To be honest, I do not know the answer to your question according to any specs. Nevertheless, the problem I see with your approach is that you are tying your implementation to implementation details in the library you are using.
If you tie your implementation to the interfaces exposed by the libraries you use, it is less likely that your consuming code will be broken should the implementation of those libraries change. That might not be very relevant in this particular case, because the memory layout of an array is not likely to change in the near future, but if it did, the runtime library developer might also change the implementation of the iterating functions accordingly, so if you use the exposed functions, your code should keep on working as expected. However if your code depends on implementation details of the libraries, it might be you who will have to go through all your case uses and change them accordingly.
EDIT:
I am sorry, I do not think I expressed myself very clearly; I am not talking about your code but about your approach. One of the benefits of encapsulation is that it allows writing code components that are excellent performers each of their own task, and then applications by combining the functionality provided by multiple code components.
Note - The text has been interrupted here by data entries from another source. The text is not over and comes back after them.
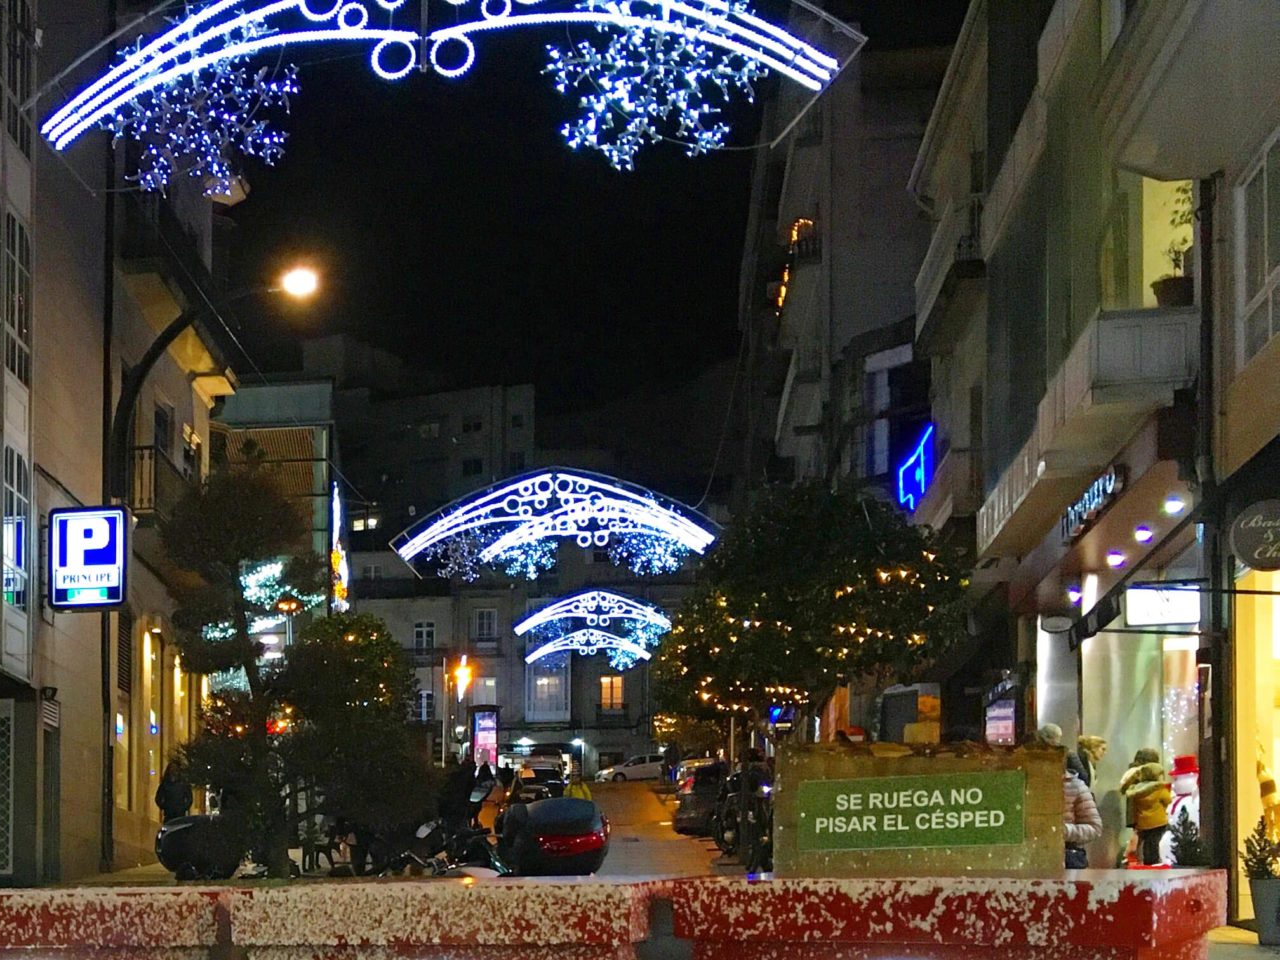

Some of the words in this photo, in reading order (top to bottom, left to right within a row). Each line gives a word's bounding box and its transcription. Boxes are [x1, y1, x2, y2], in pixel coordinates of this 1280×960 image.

[67, 518, 110, 567] P
[62, 572, 113, 585] PRINCIPE
[836, 793, 862, 811] SE
[868, 790, 945, 809] RUEGA
[951, 788, 983, 805] NO
[815, 815, 877, 833] PISAR
[883, 814, 910, 831] EL
[915, 809, 1005, 829] CÉSPED
Having multiple levels of abstraction enables us to design the upper levels without worrying about the tiny details in the lower levels.
If the different components that make up the whole application are kept isolated from each other's implementation details, components may be upgraded easily without breaking compatibility, as long as the components keep their minimum interface and their implementation behaves correctly. If the different components are made interdependent of each other's implementation, then upgrades become much more difficult because changes need to be made respecting the internal structures of the components involved; a seemingly innocuous modification in a lower level component (like inserting a new member variable between two older ones) can have totally unforeseen consequences in a completely unrelated piece of code "cleverly" relying on the component's internal structure.
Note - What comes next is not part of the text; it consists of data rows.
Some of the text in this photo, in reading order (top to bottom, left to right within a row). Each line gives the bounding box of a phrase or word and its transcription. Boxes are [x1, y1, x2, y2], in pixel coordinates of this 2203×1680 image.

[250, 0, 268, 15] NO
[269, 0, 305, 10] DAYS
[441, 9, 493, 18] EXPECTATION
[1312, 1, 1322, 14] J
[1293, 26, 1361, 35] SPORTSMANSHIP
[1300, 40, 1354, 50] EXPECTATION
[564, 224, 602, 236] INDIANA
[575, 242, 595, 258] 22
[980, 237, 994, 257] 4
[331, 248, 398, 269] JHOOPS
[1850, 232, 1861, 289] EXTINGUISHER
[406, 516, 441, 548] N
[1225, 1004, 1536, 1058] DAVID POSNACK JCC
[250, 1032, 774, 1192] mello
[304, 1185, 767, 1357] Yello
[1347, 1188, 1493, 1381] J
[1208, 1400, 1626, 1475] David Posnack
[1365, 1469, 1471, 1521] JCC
In the art of programming, you can use whichever resources you find in order to transform your inputs into your outputs, but that does not mean that all posibilities carry the same implications. If you are worried about execution time and the overhead of calling a function is unacceptable, then you might gain some extra cycles by skipping an object-oriented approach altogether and iterate your array by index. If the execution time is not so critical that it allows for a call to a public method on an interface, then by using it you would gain smaller upgrade nightmares.